Selanjutnya bayi lahir di atas kapal>>>
Dibawa Kapten Kapal
Rumah Sakit Terapung Ksatria Airlangga (RSTKA) Unair dijalankan kapten Mudatsir (46) sejak awal didirikan. Pria asli Bulukumba, Sulawesi Selatan ini menuturkan, semula dirinya direkrut ketika RS Terapung ini akan berlayar ke Pulau Bawean, Gresik.
"Sejak tahun 2000 saya mulai melaut. Awalnya saya kerja di kapal ekspedisi, lalu sejak 2017 sampai sekarang saya jadi kapten di RSTKA," tutur Mudatsir, dikutip dari laman resmi kampus.
"Saat itu saya dikenalkan dengan RSTKA oleh dr. Agus Harianto. Awalnya saya diajak ke pembuat kapalnya di Galesong dan diperlihatkan kapalnya," imbuh alumnus Balai Pendidikan Dan Pelatihan Ilmu Pelayaran (BP2IP) Makassar tersebut.
Mudatsir bercerita, ia semula bergabung di RSTKA untuk satu kali perjalanan saja. Sebab, kondisi kapal 27 meter tersebut awalnya kurang layak beroperasi dan butuh banyak perbaikan. Namun, ia lalu menerima tawaran menjadi kapten kapal RSTKA.
"Saat perjalanan uji coba misalnya, ada tiang kapal yang jatuh, untung tidak ada yang kena. (Tetapi) Melihat dokter kerja dari pagi sampai larut malam, relawan angkat pasien dari kapal ke ambulans, dari ambulans ke kapal, dan butuh tenaga yang melibatkan kru, di situ saya merasa ada kebaikan dan niat ibadah di dalamnya. Sehingga saya tertarik untuk terus ikut di sini," tuturnya.
Bayi Lahir di Kapal
Mudatsir mengatakan, pelayanan RSTKA pertama kali berjalan di daratan Pulau Bawean Gresik. Sebab, belum ada fasilitas medis yang memadai untuk melakukan tindakan di dalam kapal. Baru kemudian, layanan di kapal memungkinkan operasi hingga persalinan.
"Dulu saat pelayanan di Pulau Kangean, ada bayi yang lahir pertama kali di RSTKA dan dinamai Ksatria Airlangga. Saya ikut memberi nama itu. Lalu, dua tahun kemudian balik lagi ke situ, dan saya ketemu lagi dengan anaknya," kenang bapak dua anak tersebut haru.
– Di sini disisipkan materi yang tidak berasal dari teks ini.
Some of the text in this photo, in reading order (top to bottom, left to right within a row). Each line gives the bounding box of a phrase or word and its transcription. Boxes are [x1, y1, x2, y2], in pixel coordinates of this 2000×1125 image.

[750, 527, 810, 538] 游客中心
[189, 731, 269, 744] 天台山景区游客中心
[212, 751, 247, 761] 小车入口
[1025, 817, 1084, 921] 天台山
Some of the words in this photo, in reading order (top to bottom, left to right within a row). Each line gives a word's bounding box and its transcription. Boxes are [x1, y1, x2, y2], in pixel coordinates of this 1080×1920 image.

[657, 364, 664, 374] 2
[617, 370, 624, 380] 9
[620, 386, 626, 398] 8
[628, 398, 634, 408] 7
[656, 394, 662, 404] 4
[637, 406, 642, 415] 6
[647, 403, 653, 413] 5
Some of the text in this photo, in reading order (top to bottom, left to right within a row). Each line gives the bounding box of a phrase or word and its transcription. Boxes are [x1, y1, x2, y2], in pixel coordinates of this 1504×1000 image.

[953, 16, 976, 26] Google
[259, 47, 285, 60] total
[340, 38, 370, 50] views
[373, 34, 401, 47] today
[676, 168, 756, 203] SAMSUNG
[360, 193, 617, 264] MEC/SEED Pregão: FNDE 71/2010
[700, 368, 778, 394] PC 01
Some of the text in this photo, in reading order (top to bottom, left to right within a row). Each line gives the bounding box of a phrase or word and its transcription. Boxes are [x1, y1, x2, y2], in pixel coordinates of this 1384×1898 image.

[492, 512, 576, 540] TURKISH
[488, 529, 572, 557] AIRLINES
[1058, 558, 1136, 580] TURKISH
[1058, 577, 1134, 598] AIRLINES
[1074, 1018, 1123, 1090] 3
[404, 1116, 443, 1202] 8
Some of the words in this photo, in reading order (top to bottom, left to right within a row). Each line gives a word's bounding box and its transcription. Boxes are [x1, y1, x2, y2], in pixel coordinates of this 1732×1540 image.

Baginya, pengalaman tersebut membanggakan, mengingat bagaimana RSTKA telah membantu banyak masyarakat yang masih terbatas dalam akses fasilitas kesehatan. Mudatsir juga berkeinginan agar RS Terapung Unair ini bisa melayani di Bulukumba, daerah asalnya.
"Pernah direncanakan ke Kepulauan Selayar yang dekat dengan kampung saya, tapi tertunda karena Covid-19. Mudah-mudahan rencana itu bisa dilanjutkan," harap Mudatsir.
"Saya dan teman-teman kapal berharap semoga kegiatan ini makin banyak membantu orang di daerah terpencil, khususnya untuk kesehatan mereka. Semakin menyentuh orang di bagian terluar, dan semakin mendekati tujuannya," imbuhnya.